Stored data:
..........

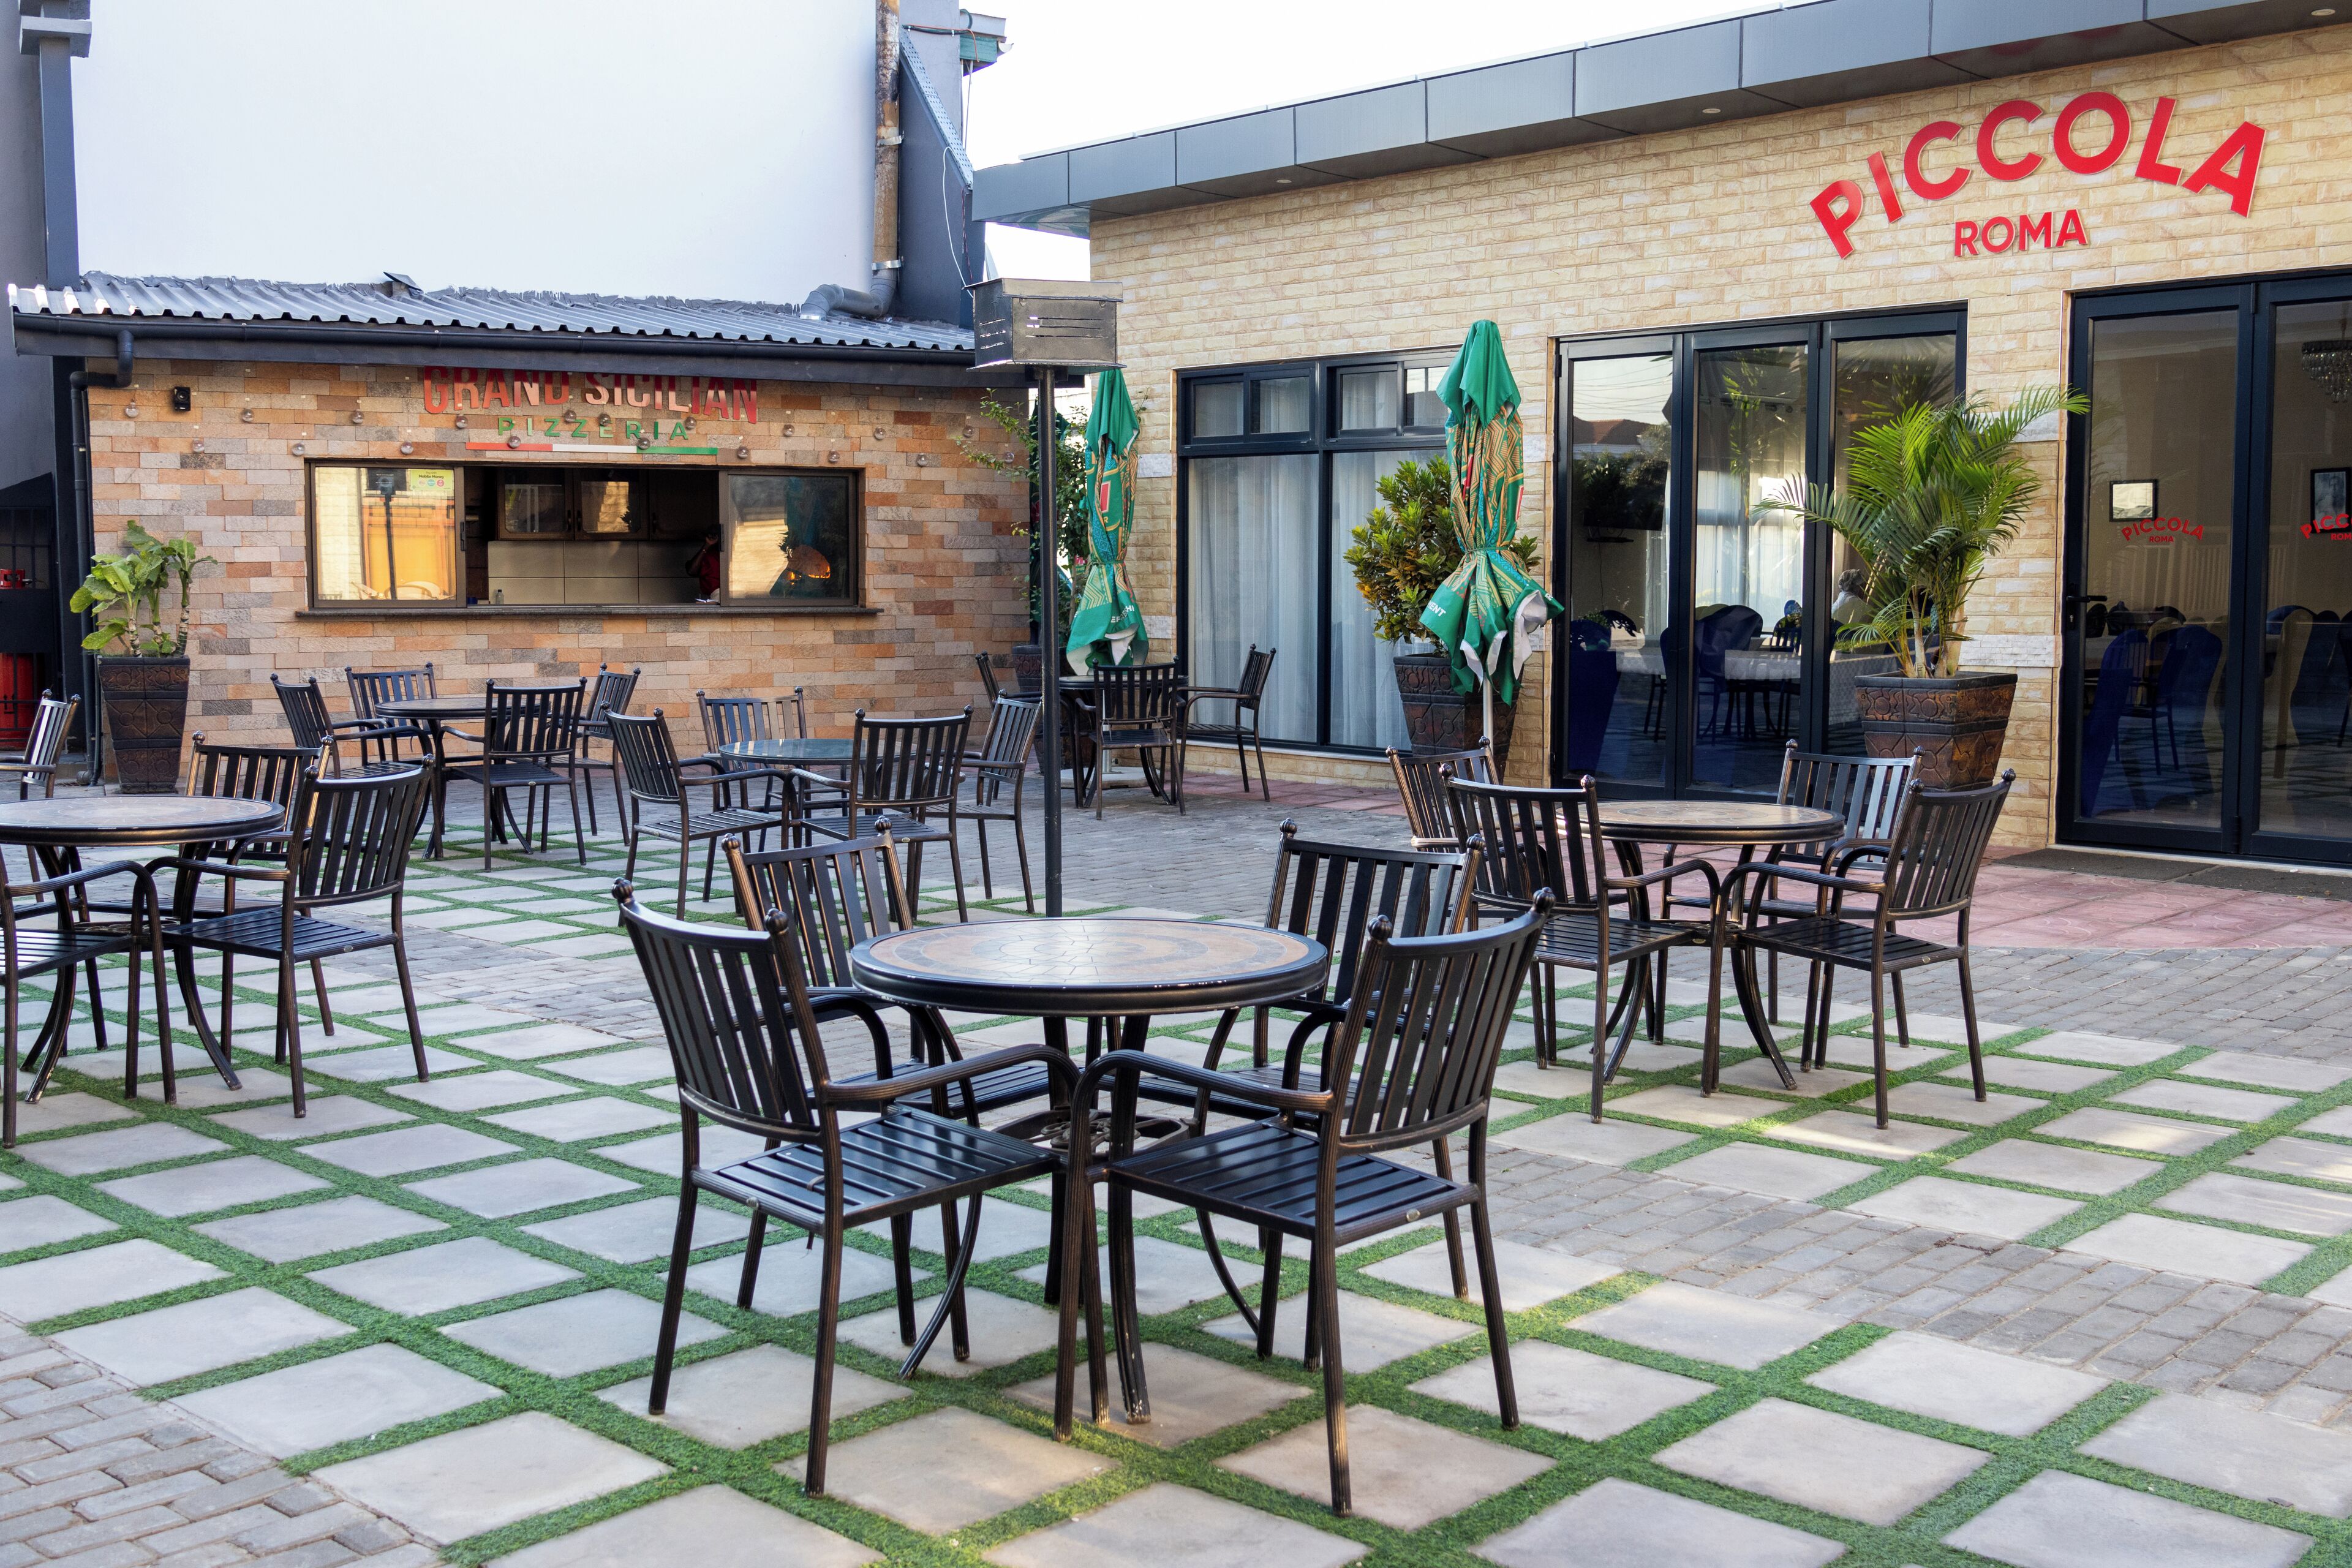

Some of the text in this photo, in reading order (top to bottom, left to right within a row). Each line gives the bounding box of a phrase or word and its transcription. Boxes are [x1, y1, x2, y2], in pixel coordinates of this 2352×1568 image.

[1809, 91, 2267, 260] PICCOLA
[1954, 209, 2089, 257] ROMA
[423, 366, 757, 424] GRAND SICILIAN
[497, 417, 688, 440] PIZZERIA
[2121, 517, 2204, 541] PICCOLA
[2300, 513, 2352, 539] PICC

..........

What to do: All entries above, minus the pictures, should be repeated exactly.

Exercise answer:
Some of the text in this photo, in reading order (top to bottom, left to right within a row). Each line gives the bounding box of a phrase or word and its transcription. Boxes are [x1, y1, x2, y2], in pixel coordinates of this 2352×1568 image.

[1809, 91, 2267, 260] PICCOLA
[1954, 209, 2089, 257] ROMA
[423, 366, 757, 424] GRAND SICILIAN
[497, 417, 688, 440] PIZZERIA
[2121, 517, 2204, 541] PICCOLA
[2300, 513, 2352, 539] PICC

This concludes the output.